Frankreich und Deutschland streben gemeinsam EU-Sanktionen gegen russische Staatsangehörige an, denen eine Verwicklung in die Vergiftung des Oppositionspolitikers Alexej Nawalny vorgeworfen wird. Das geht aus einer Erklärung der Außenminister beider Länder, Jean-Yves LeDrian und Heiko Maas, hervor, die am Mittwoch veröffentlicht wurde. Darin werfen beide der russischen Regierung mangelnden Aufklärungswillen vor.

"Russische Beteiligung"

Es gebe "keine andere plausible Erklärung für die Vergiftung von Herrn Nawalny als eine russische Beteiligung und Verantwortung", erklärten die Minister. "Frankreich und Deutschland werden die notwendigen Schlüsse aus diesen Tatsachen ziehen und ihren europäischen Partnern Vorschläge für zusätzliche Sanktionen unterbreiten."

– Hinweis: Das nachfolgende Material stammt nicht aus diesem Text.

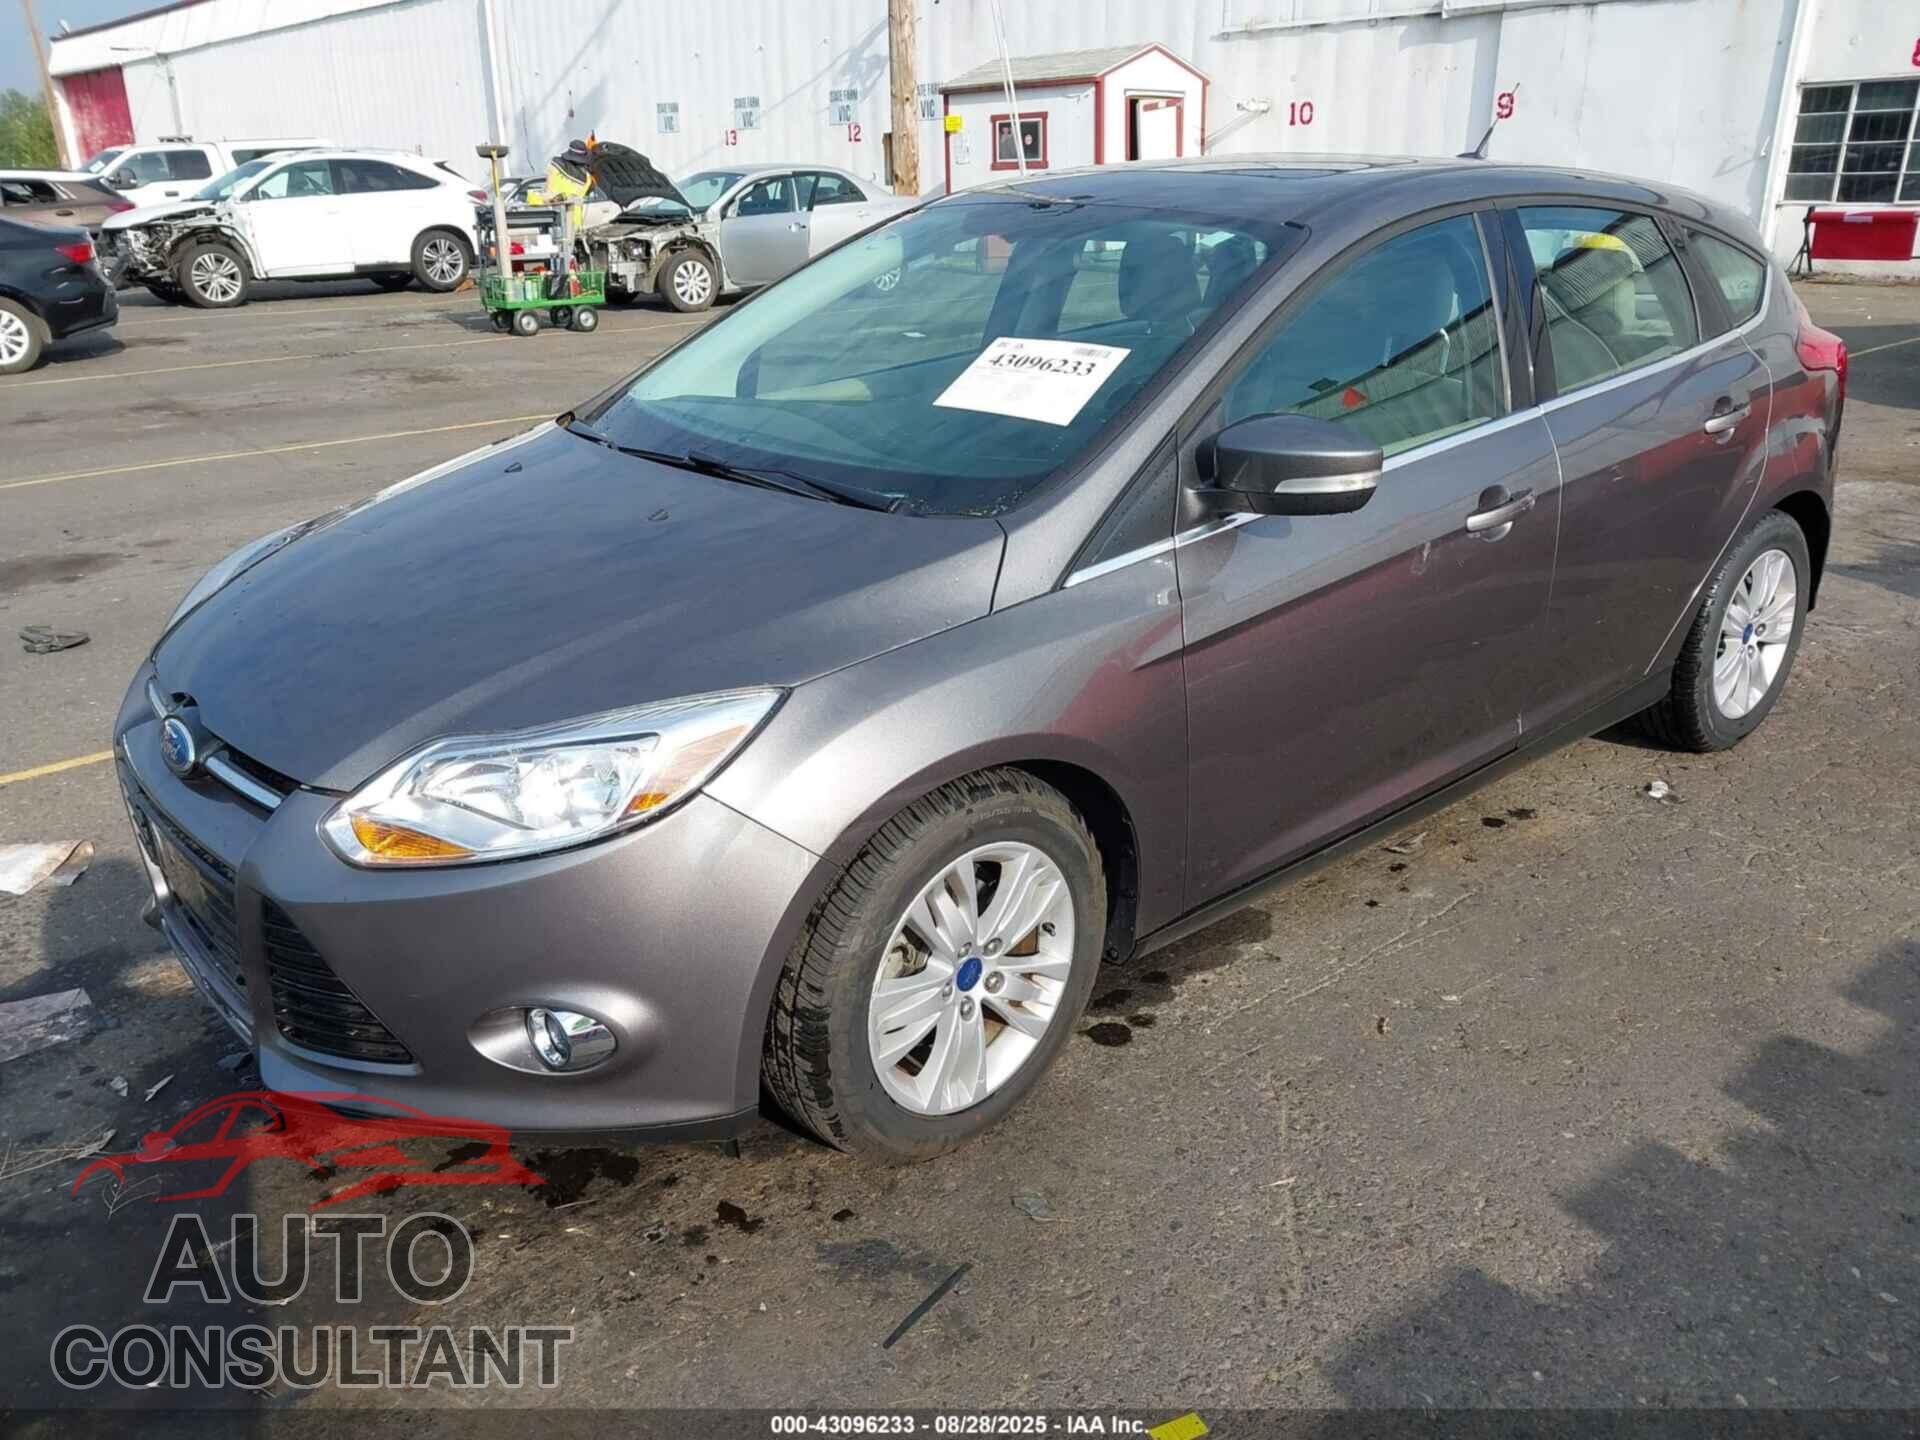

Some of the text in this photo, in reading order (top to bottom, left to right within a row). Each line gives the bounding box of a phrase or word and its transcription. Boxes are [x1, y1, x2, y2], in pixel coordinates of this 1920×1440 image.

Nawalny hatte zuvor die Europäische Union und die deutsche Bundesregierung aufgefordert, hart gegen Kreml-nahe Oligarchen, Politiker und Unternehmen vorzugehen. "Sanktionen gegen das ganze Land funktionieren nicht. Das Wichtigste ist, Einreisesperren gegen Profiteure des Regimes zu erlassen und ihr Vermögen einzufrieren", sagte Nawalny der Zeitung "Bild".

"Vermögenswerte einfrieren"

"Sie veruntreuen Geld, stehlen Milliarden und am Wochenende fliegen sie nach Berlin oder London, kaufen teure Wohnungen und sitzen in Cafés." Der russische Oppositionspolitiker forderte einen Baustopp der Gaspipeline Nord Stream 2 sowie das Einfrieren von Vermögenswerten und Reiseverbote gegen Einzelpersonen wie den Chefdirigenten der Münchner Philharmoniker Waleri Gergijew.

Gergijew ist ein Unterstützer des autoritären russischen Präsidenten Wladimir Putin und warb für dessen Wiederwahl. "Wenn er das Regime so liebt und will, dass Russland nicht den europäischen Weg geht, dann muss man ihm sagen: Sie sind ein sehr talentierter Musiker, aber wir lassen sie nicht länger in die EU einreisen. Sie können Putins Regime in Russland genießen", erklärte Nawalny. Alternativ könne Gergijew seine öffentliche Unterstützung für Putin aufgeben.

Kritik an Gerhard Schröder

Er kritisierte auch den ehemaligen deutschen Bundeskanzler Gerhard Schröder für dessen Äußerungen, dass es noch keine "gesicherten Fakten" zum Giftanschlag gebe. Weiter sagte Nawalny: "Er ist immerhin der ehemalige Kanzler des mächtigsten Landes in Europa. Jetzt ist Schröder ein Laufbursche Putins." Gerhard Schröder ist Chef des Verwaltungsrats von Nord Stream 2 sowie Vorsitzender des Aktionärsausschusses von Nord Stream. Zusätzlich ist Schröder Aufsichtsratschef des staatlichen russischen Öl-Riesen Rosneft.

Nawalny selbst glaubt nicht an eine Aufklärung seines Falles durch Russland: Es gebe nicht mal den Versuch, es so aussehen zu lassen, als würde man ermitteln. "Bisher gibt es überhaupt keine Untersuchung in Russland", sagte der russische Politiker dem Blatt. Der Kremlkritiker war am 20. August auf einem russischen Inlandsflug zusammengebrochen und nach einer Notlandung zunächst im sibirischen Omsk behandelt worden. Am 22. August wurde er zur Behandlung in der Berliner Charite nach Deutschland ausgeflogen.

Nowitschok

Die deutsche Bundesregierung erklärte nach Tests in einem Speziallabor der Bundeswehr, Nawalny sei mit einem Nervengift aus der Nowitschok-Gruppe vergiftet worden. Die Organisation für das Verbot chemischer Waffen (OPCW) bestätigte, dass Nawalny mit einem chemischen Nervengift der Nowitschok-Gruppe vergiftet wurde. Zahlreiche Politiker hatten Russland aufgefordert, den Giftanschlag auf Nawalny aufzuklären. Bisher zeigte sich der Kreml abweisend.